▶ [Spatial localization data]
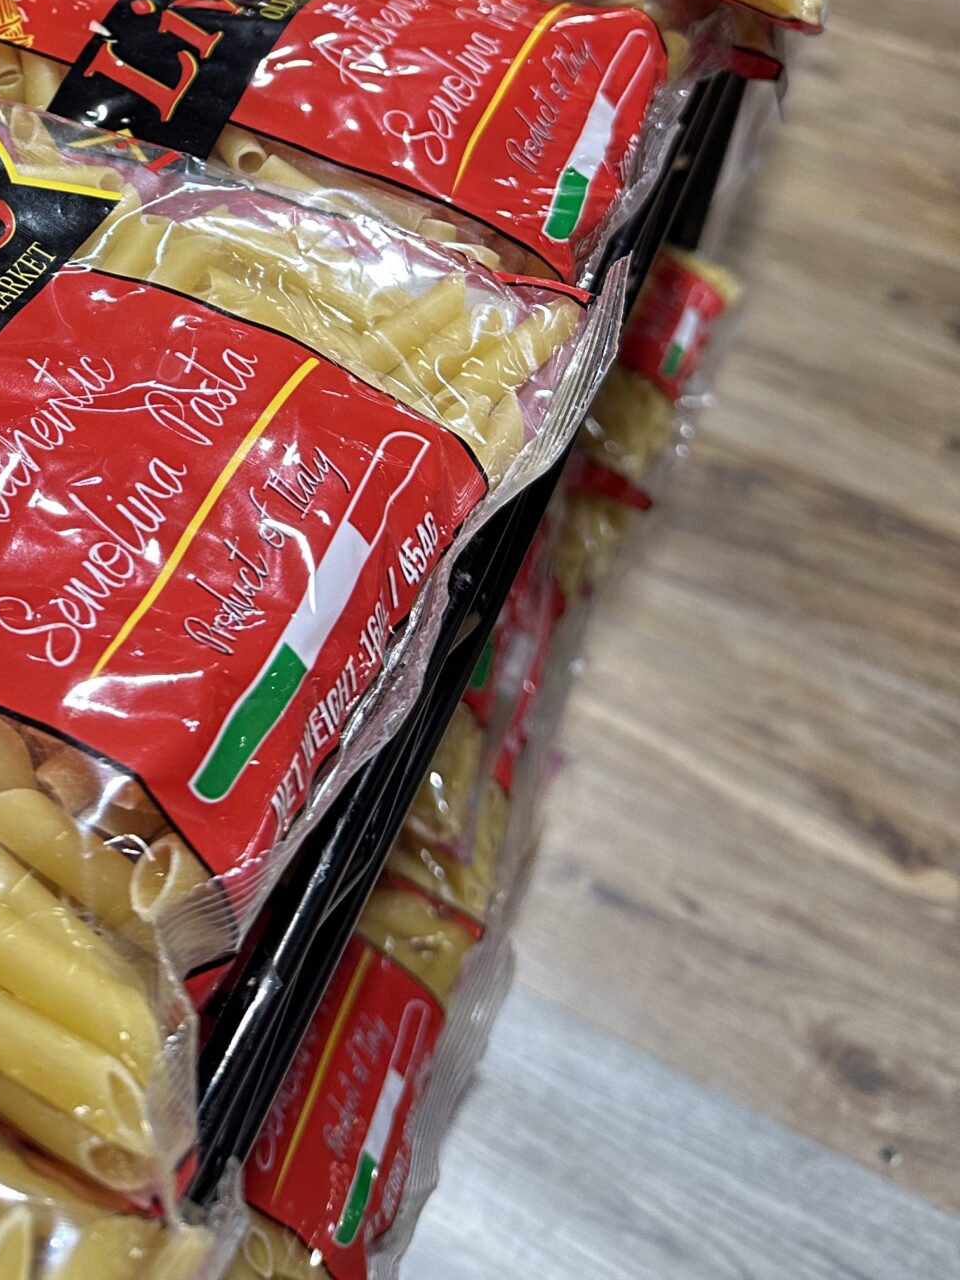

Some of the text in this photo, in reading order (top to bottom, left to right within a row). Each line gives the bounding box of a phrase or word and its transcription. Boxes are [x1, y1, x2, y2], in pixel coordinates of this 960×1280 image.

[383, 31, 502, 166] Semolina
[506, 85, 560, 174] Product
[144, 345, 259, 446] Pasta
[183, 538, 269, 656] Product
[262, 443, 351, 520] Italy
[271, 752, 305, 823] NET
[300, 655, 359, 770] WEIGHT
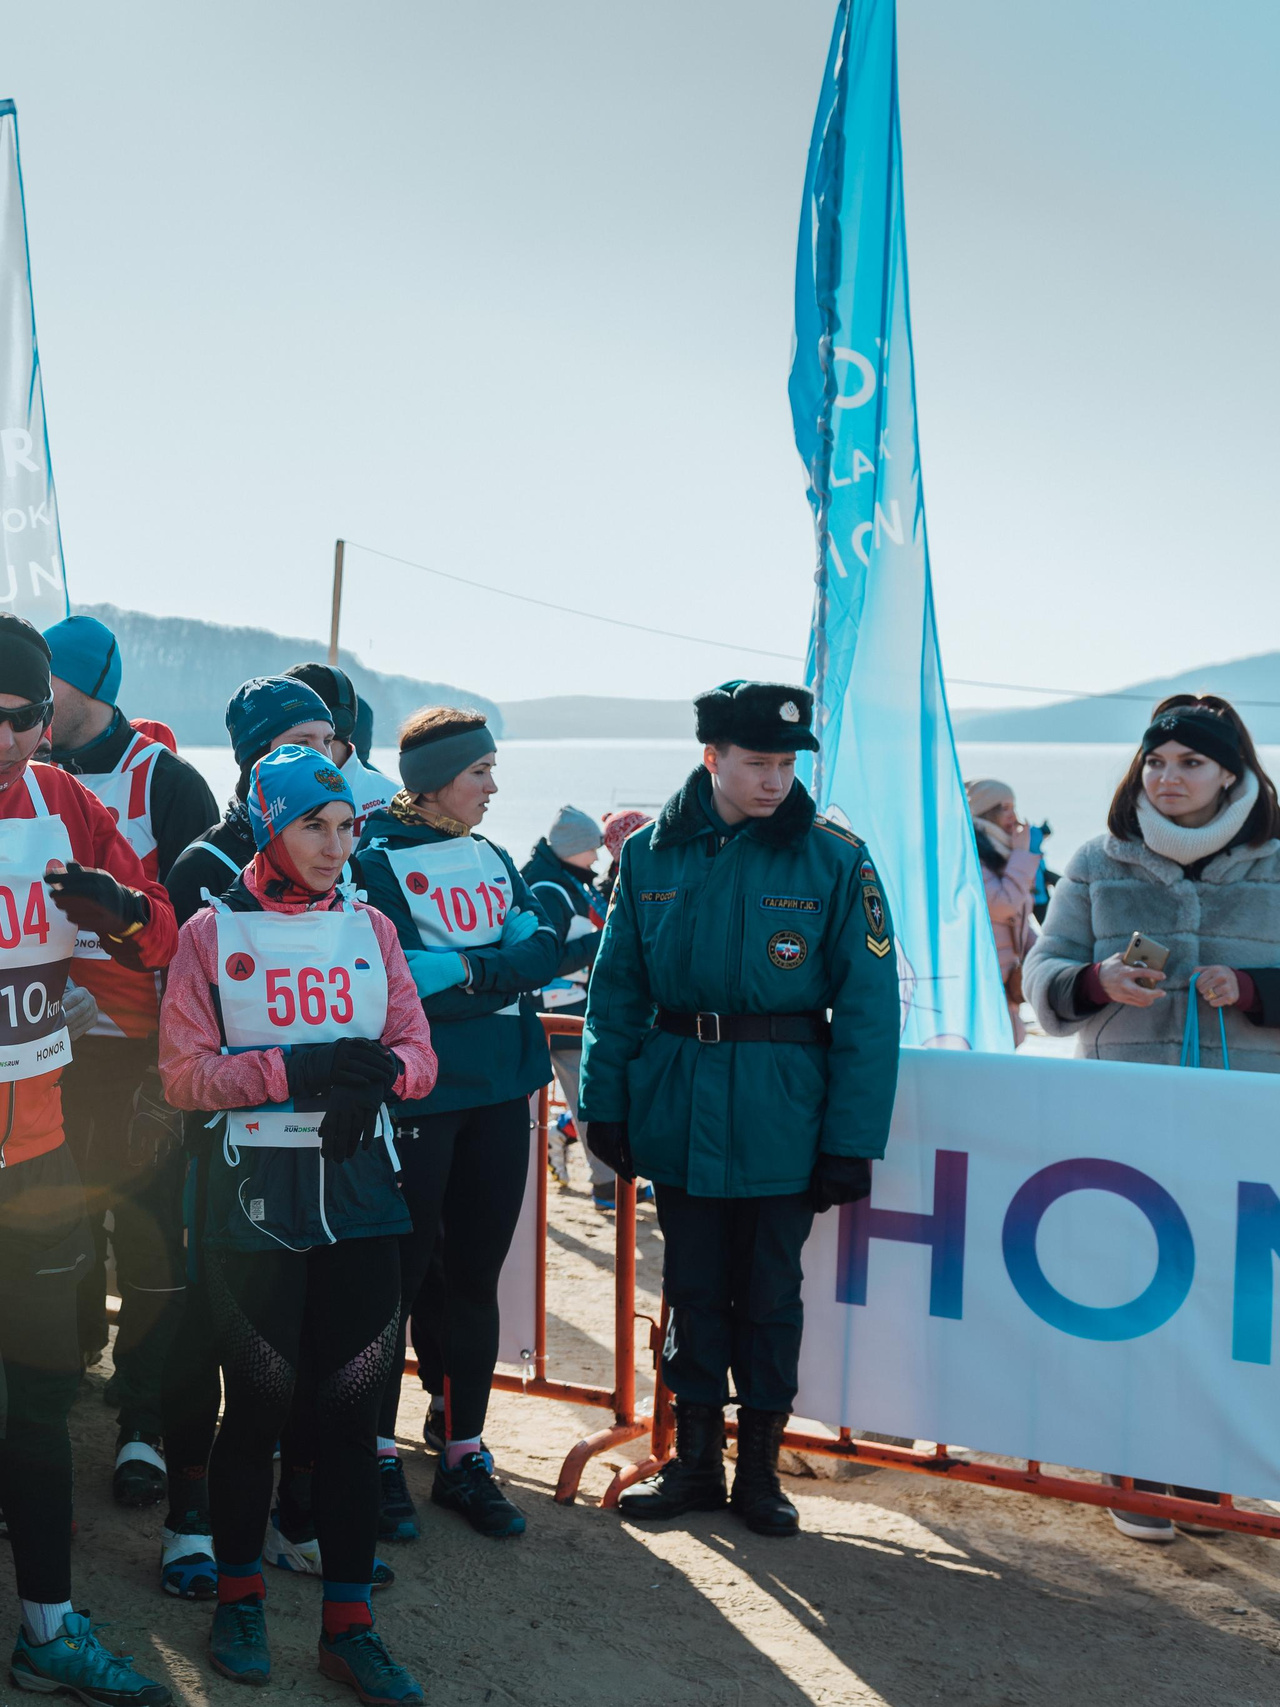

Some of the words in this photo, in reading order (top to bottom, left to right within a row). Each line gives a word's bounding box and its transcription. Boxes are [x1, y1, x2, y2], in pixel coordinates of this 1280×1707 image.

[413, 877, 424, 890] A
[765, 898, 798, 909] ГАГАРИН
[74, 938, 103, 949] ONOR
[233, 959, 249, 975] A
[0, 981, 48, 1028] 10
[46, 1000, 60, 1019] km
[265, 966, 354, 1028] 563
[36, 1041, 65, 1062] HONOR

▶ [Directions for this task] With the pictures omitted, the entries are to be transcribed in full, exactly as they appear.

▶ [Exercise response]
Some of the text in this photo, in reading order (top to bottom, left to right within a row). Each line gives the bounding box of a phrase or word and its transcription. Boxes are [x1, y1, x2, y2], in pixel coordinates of this 960×1280 image.

[383, 31, 502, 166] Semolina
[506, 85, 560, 174] Product
[144, 345, 259, 446] Pasta
[183, 538, 269, 656] Product
[262, 443, 351, 520] Italy
[271, 752, 305, 823] NET
[300, 655, 359, 770] WEIGHT

Some of the words in this photo, in reading order (top to bottom, left to right within a row). Each line gives a word's bounding box and its transcription. Boxes are [x1, y1, x2, y2], in pixel coordinates of this 1280×1707 image.

[413, 877, 424, 890] A
[765, 898, 798, 909] ГАГАРИН
[74, 938, 103, 949] ONOR
[233, 959, 249, 975] A
[0, 981, 48, 1028] 10
[46, 1000, 60, 1019] km
[265, 966, 354, 1028] 563
[36, 1041, 65, 1062] HONOR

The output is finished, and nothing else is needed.